Ralph turned away from the window, surprised by the younger man’s question. Maki was normally keen to simply collect the money and run. “No.”

“I have. That planet is one giant hive queen for misbegottens. Our noble past. Compared to that, what this planet offers in the way of a future doesn’t look so bad.”

“Yeah, maybe.” Ralph opened a drawer and took out his Jovian Bank credit disk.

“There’s someone else going upriver with this batch of colonists,” Maki said. “My office had to arrange a berth for him, that’s how I know.”

Ralph stopped in the act of authorizing the usual three-hundred-fuseodollar payment. “Who’s that?”

“A marshal from the Sheriff’s Office. Don’t know his name, but he’s being sent up to Schuster County to scout round.”

Ralph listened to Maki Gruter explain about the missing homestead families, his mind running over the implications. Somebody in the Governor’s Office must consider it important, he thought, there were only five marshals on the planet: combat specialists with nanonic-boosted metabolisms, and well armed. Colony Governors deployed them to sort out severe problems, like bandits and potential revolts, problems that had to be eliminated fast.

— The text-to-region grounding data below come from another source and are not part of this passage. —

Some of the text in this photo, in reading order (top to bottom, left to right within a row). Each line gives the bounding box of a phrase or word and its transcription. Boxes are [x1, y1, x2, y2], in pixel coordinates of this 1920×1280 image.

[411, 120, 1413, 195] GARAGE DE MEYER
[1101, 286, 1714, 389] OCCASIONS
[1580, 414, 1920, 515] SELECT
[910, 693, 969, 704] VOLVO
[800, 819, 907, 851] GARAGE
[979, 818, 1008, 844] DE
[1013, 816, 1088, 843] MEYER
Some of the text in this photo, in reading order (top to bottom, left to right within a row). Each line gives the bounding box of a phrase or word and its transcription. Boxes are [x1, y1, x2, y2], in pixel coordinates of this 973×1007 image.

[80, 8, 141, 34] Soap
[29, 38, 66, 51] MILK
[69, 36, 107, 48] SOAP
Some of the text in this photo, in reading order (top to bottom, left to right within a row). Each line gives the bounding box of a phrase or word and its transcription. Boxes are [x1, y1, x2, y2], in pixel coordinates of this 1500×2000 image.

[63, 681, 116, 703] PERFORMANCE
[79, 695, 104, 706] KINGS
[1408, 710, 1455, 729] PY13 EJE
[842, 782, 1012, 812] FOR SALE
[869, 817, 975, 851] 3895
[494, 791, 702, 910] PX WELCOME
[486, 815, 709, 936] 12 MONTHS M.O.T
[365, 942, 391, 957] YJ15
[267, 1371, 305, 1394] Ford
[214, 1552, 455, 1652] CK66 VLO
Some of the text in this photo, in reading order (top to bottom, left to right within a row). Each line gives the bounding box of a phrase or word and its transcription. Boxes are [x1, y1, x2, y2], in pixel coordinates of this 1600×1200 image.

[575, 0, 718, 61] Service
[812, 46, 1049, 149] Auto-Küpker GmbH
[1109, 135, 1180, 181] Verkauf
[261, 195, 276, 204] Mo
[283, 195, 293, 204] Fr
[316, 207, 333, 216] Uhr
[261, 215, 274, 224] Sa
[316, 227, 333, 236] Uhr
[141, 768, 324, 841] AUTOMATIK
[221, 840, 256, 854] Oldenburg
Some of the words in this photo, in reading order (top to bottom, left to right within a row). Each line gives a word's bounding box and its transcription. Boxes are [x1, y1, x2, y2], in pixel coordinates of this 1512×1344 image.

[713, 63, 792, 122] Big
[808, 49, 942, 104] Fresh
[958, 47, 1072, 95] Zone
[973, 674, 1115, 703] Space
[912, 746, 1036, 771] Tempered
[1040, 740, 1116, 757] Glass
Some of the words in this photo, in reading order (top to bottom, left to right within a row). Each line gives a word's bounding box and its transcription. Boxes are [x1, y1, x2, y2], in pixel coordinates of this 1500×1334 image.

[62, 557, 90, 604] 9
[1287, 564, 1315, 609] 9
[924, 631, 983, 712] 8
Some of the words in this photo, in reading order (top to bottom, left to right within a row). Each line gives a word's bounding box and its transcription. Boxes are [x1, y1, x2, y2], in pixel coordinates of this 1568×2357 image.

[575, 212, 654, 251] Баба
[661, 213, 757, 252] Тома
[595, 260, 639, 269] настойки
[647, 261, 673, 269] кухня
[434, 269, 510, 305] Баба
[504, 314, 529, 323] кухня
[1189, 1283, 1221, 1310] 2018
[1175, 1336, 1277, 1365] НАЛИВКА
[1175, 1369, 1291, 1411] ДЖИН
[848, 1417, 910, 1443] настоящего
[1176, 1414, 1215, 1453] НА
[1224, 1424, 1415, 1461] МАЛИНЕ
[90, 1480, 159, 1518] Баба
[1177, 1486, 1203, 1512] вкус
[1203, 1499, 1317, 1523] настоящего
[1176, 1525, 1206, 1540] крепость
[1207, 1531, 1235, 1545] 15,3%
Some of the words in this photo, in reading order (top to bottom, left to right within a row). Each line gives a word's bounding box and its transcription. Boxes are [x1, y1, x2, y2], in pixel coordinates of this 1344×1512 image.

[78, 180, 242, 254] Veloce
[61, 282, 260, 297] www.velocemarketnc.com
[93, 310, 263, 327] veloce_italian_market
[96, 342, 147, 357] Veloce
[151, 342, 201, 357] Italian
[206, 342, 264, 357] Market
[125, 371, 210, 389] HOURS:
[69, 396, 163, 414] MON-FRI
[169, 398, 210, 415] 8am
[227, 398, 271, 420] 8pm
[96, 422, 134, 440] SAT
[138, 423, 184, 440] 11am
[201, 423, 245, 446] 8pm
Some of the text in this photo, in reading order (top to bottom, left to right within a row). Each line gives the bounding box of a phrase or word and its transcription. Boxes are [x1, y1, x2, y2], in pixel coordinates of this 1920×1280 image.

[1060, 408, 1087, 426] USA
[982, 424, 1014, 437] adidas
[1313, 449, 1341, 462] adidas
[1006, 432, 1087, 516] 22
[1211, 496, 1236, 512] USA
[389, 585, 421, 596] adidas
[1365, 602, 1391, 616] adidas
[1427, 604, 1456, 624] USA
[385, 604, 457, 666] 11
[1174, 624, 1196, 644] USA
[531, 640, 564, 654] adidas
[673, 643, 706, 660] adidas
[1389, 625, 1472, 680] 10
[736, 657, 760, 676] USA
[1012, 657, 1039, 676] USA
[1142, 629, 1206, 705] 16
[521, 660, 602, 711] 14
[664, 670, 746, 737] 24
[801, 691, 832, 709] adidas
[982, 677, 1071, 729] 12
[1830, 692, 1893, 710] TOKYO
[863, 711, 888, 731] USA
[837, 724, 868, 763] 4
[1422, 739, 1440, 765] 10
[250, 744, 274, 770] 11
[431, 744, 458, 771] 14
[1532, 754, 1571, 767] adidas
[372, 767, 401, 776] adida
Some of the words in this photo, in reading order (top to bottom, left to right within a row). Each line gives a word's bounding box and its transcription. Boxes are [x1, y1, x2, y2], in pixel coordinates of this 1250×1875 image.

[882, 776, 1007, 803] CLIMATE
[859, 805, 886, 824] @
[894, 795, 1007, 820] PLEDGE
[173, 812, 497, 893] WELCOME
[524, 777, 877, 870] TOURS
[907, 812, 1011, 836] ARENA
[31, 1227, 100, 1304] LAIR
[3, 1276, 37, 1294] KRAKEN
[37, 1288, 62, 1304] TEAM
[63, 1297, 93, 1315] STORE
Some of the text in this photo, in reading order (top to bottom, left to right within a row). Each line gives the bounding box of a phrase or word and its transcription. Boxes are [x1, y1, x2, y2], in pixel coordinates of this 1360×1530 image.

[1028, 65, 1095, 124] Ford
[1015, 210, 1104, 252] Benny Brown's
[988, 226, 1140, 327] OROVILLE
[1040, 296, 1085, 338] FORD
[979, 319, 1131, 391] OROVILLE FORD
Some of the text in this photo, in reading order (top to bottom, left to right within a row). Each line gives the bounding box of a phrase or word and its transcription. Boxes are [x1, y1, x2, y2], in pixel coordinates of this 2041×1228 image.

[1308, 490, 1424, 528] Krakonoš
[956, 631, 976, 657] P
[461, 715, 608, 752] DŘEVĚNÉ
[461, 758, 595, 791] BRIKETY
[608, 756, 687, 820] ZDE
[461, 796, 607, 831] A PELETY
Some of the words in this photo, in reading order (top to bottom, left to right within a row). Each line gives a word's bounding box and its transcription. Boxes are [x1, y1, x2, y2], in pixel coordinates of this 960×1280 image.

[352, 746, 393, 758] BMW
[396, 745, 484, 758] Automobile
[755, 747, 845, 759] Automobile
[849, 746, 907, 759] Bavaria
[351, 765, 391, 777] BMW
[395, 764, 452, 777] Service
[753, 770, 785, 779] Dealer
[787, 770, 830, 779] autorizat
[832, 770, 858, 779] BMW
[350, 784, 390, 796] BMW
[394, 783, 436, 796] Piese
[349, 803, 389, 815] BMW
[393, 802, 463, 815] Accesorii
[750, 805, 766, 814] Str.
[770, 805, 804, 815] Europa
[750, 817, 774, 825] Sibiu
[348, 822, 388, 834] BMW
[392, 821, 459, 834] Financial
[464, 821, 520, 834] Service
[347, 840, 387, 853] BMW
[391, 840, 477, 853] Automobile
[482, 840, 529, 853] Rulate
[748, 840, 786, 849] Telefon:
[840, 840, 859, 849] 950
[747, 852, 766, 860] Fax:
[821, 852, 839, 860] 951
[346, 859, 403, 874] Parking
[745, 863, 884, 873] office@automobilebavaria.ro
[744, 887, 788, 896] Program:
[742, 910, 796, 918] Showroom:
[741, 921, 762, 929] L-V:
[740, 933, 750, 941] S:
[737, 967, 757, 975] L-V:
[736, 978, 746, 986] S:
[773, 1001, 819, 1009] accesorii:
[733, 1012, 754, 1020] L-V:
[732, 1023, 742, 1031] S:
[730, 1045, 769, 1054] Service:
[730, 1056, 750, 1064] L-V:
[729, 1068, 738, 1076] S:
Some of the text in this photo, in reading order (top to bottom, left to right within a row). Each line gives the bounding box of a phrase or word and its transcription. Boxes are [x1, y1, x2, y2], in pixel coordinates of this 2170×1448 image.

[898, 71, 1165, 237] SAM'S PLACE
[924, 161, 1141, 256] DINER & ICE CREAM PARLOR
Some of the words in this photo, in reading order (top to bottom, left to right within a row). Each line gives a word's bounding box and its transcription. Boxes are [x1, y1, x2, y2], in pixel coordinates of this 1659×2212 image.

Another of Ralph’s briefs was to watch for pirate activity in the Lalonde system. Prosperous Kulu with its large merchant fleet was engaged in a constant battle with mercenary vessels. Undisciplined, under-policed colony planets with woefully deficient communications were an ideal market for stolen cargoes, and most of the immigrants were at least bright enough to bring a credit disk primed with fuseodollars. The contraband was invariably sold deep in the hinterlands, where dreams soured within weeks when it became clear just how tough it was to survive outside the enclosed comfort of an arcology, and nobody was going to question where sophisticated power hardware and medical packages came from.

Perhaps those families had questioned the source of their windfall?